About this task
I'd like the entries that follow repeated exactly, with the pictures left out.

Image-backed grounding data:

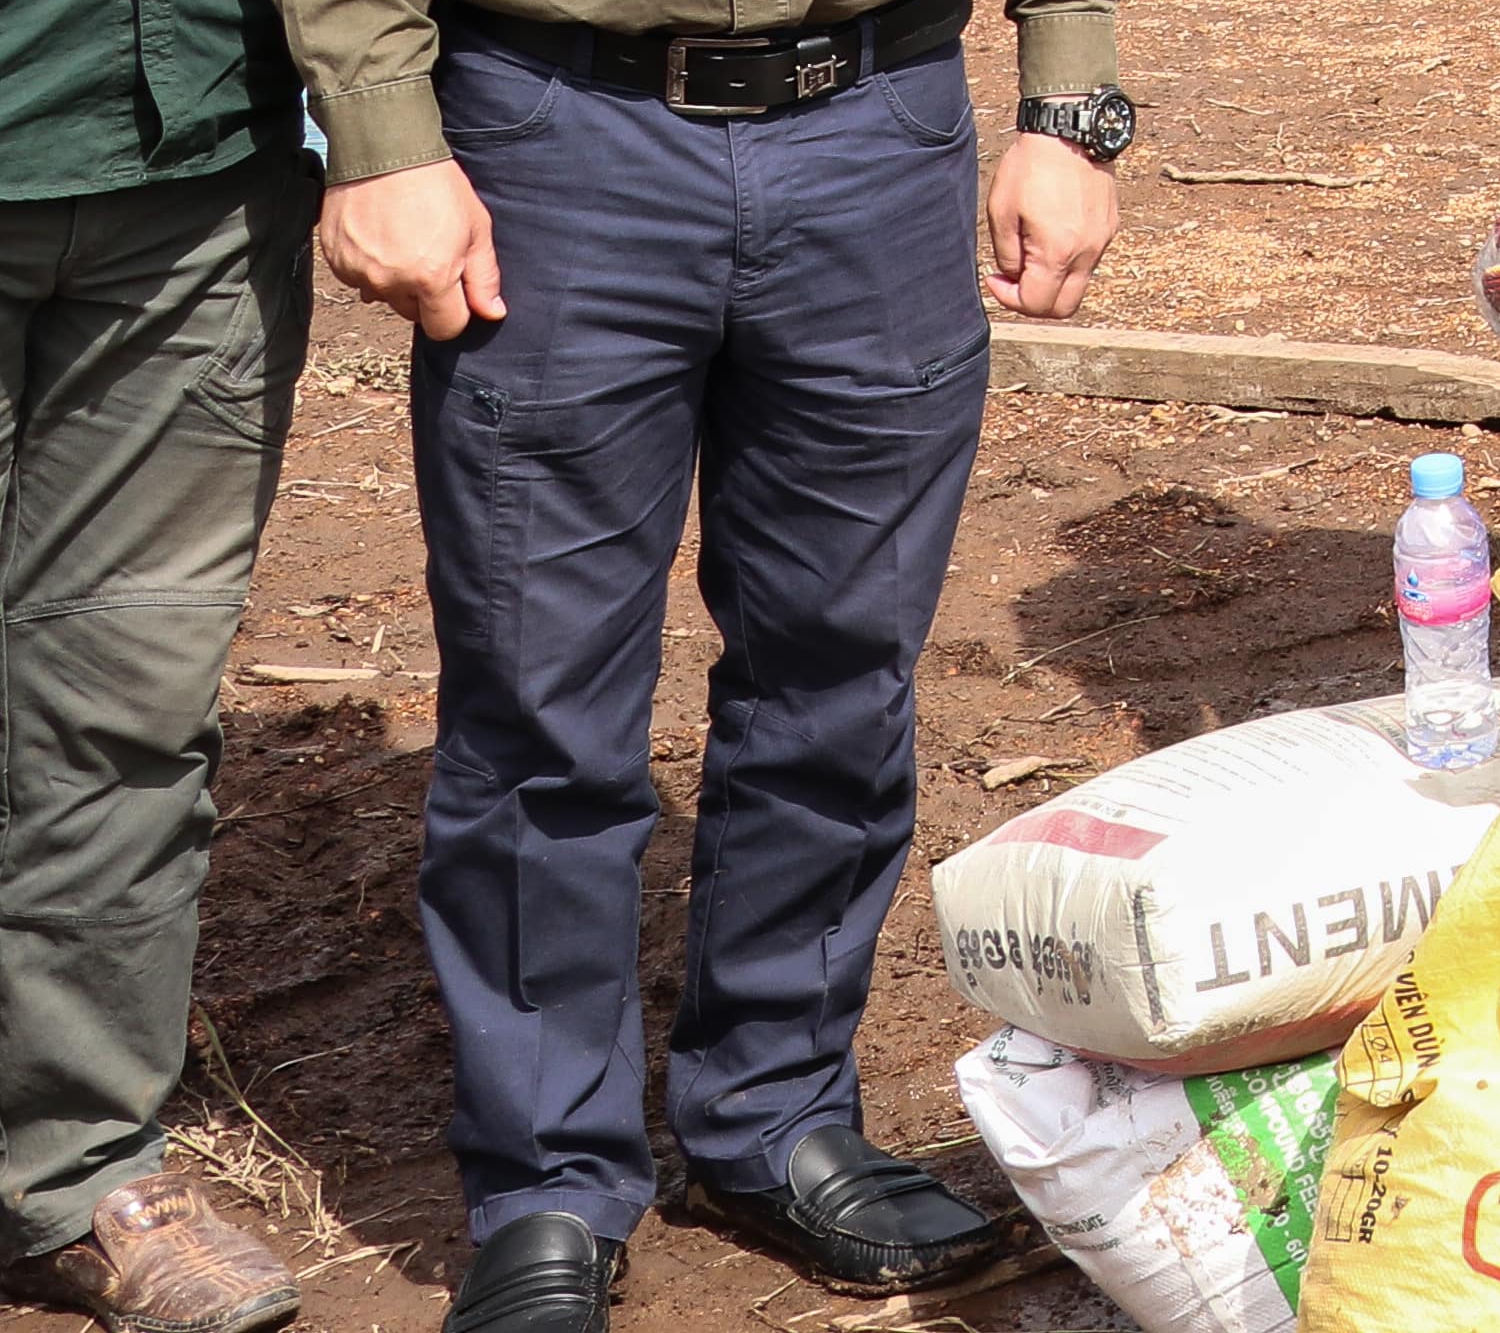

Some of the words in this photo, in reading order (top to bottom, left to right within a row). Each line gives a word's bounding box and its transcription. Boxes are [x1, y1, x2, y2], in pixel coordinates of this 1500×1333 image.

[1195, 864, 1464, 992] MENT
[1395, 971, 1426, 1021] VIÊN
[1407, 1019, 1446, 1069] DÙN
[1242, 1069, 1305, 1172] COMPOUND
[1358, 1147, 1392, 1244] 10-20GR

Written response
Some of the words in this photo, in reading order (top to bottom, left to right within a row). Each line gives a word's bounding box and its transcription. Boxes are [x1, y1, x2, y2], in pixel coordinates of this 1500×1333 image.

[1195, 864, 1464, 992] MENT
[1395, 971, 1426, 1021] VIÊN
[1407, 1019, 1446, 1069] DÙN
[1242, 1069, 1305, 1172] COMPOUND
[1358, 1147, 1392, 1244] 10-20GR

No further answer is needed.